--- Exercise material Enclosed Below ---

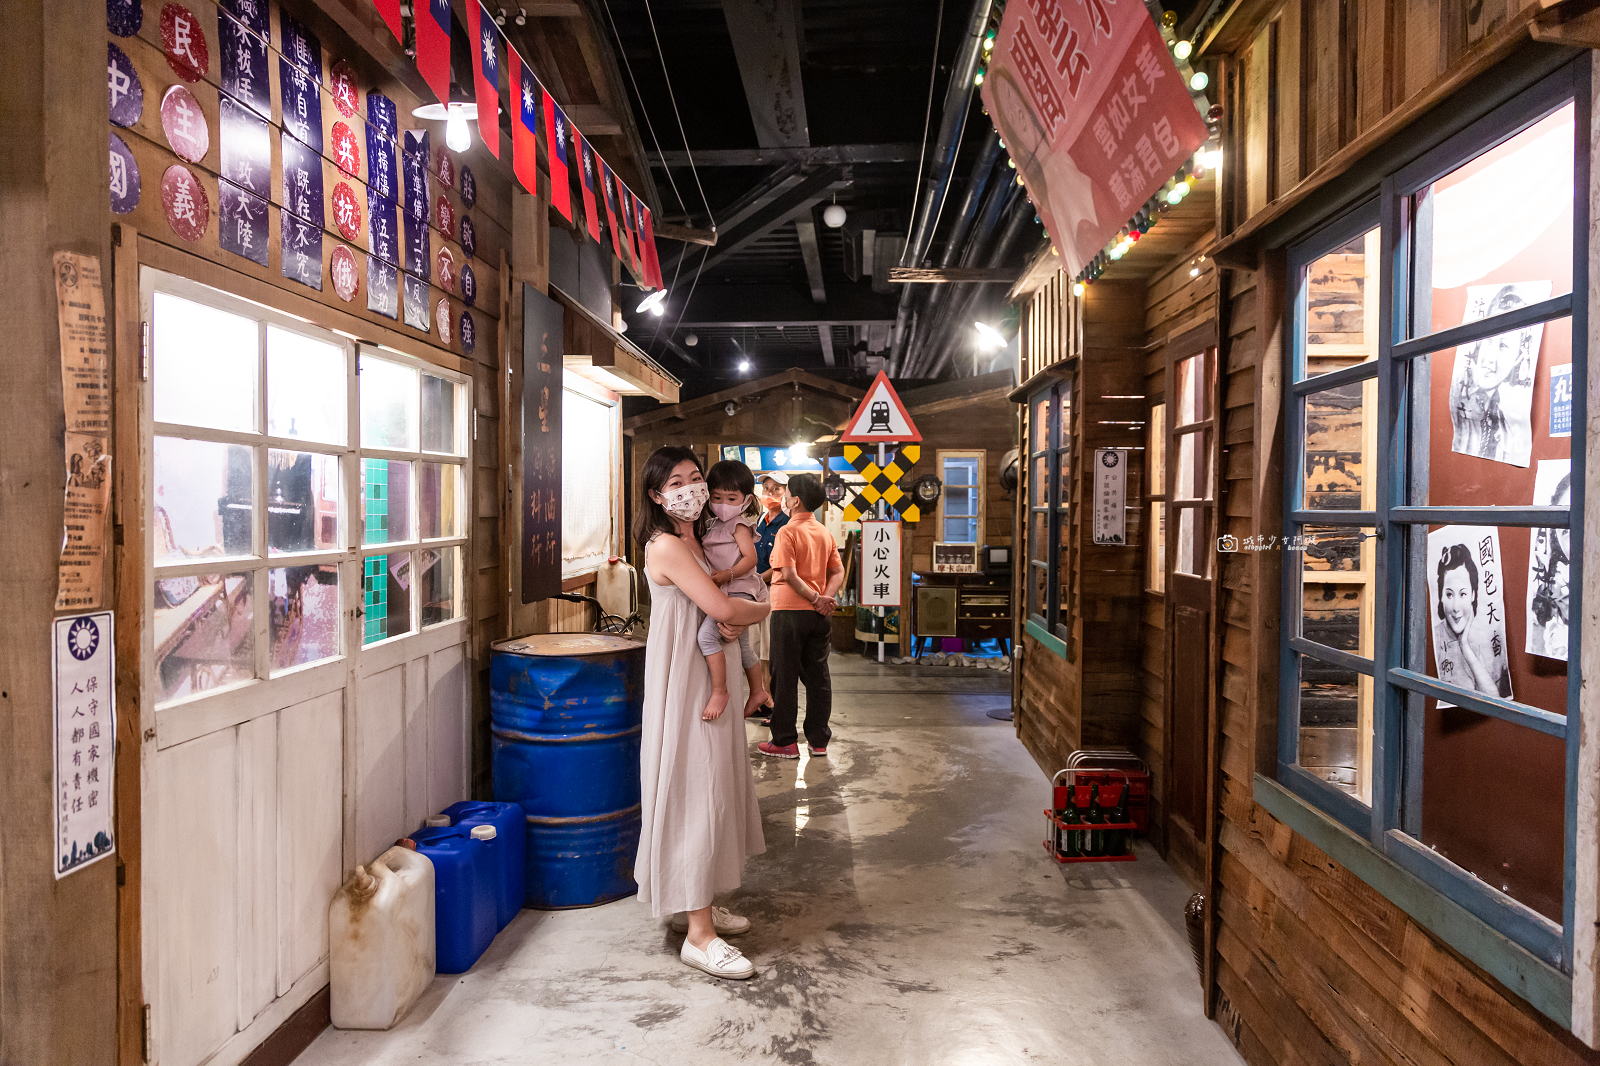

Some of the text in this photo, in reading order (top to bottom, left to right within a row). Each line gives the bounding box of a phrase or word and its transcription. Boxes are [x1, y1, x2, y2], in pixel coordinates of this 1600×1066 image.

[1092, 42, 1165, 159] 美女如雲
[1109, 115, 1180, 211] 包君滿意
[337, 73, 355, 287] 反共抗俄
[462, 172, 473, 344] 莊敬自強
[873, 528, 890, 599] 小心火車
[1479, 536, 1501, 657] 國色天香
[71, 682, 85, 813] 人人都有責任
[86, 675, 100, 808] 保守國家機密
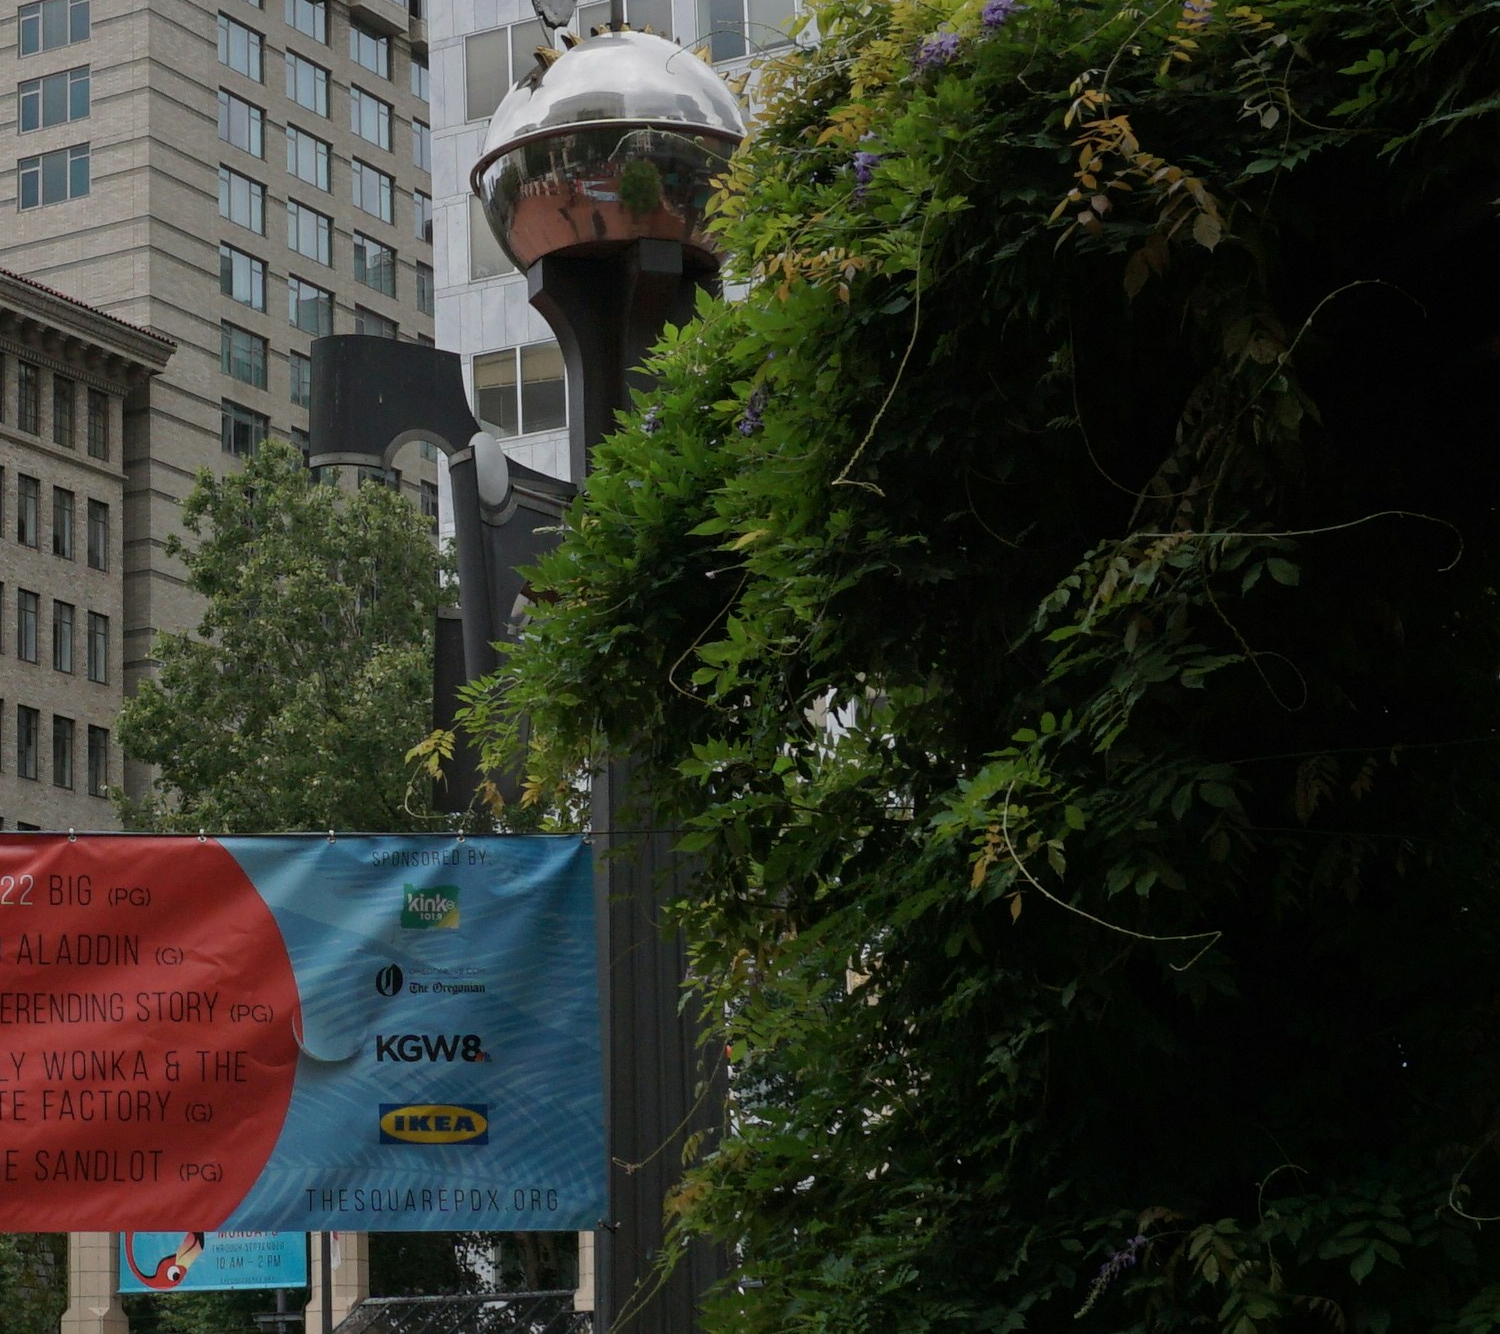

--- End of Enclosed Exercise material ---

What to work on:
All entries are to be retyped exactly. Omit any embedded images.

Finished exercise:
Some of the text in this photo, in reading order (top to bottom, left to right within a row). Each line gives the bounding box of a phrase or word and its transcription. Boxes are [x1, y1, x2, y2], in pixel coordinates of this 1600×1066 image.

[1092, 42, 1165, 159] 美女如雲
[1109, 115, 1180, 211] 包君滿意
[337, 73, 355, 287] 反共抗俄
[462, 172, 473, 344] 莊敬自強
[873, 528, 890, 599] 小心火車
[1479, 536, 1501, 657] 國色天香
[71, 682, 85, 813] 人人都有責任
[86, 675, 100, 808] 保守國家機密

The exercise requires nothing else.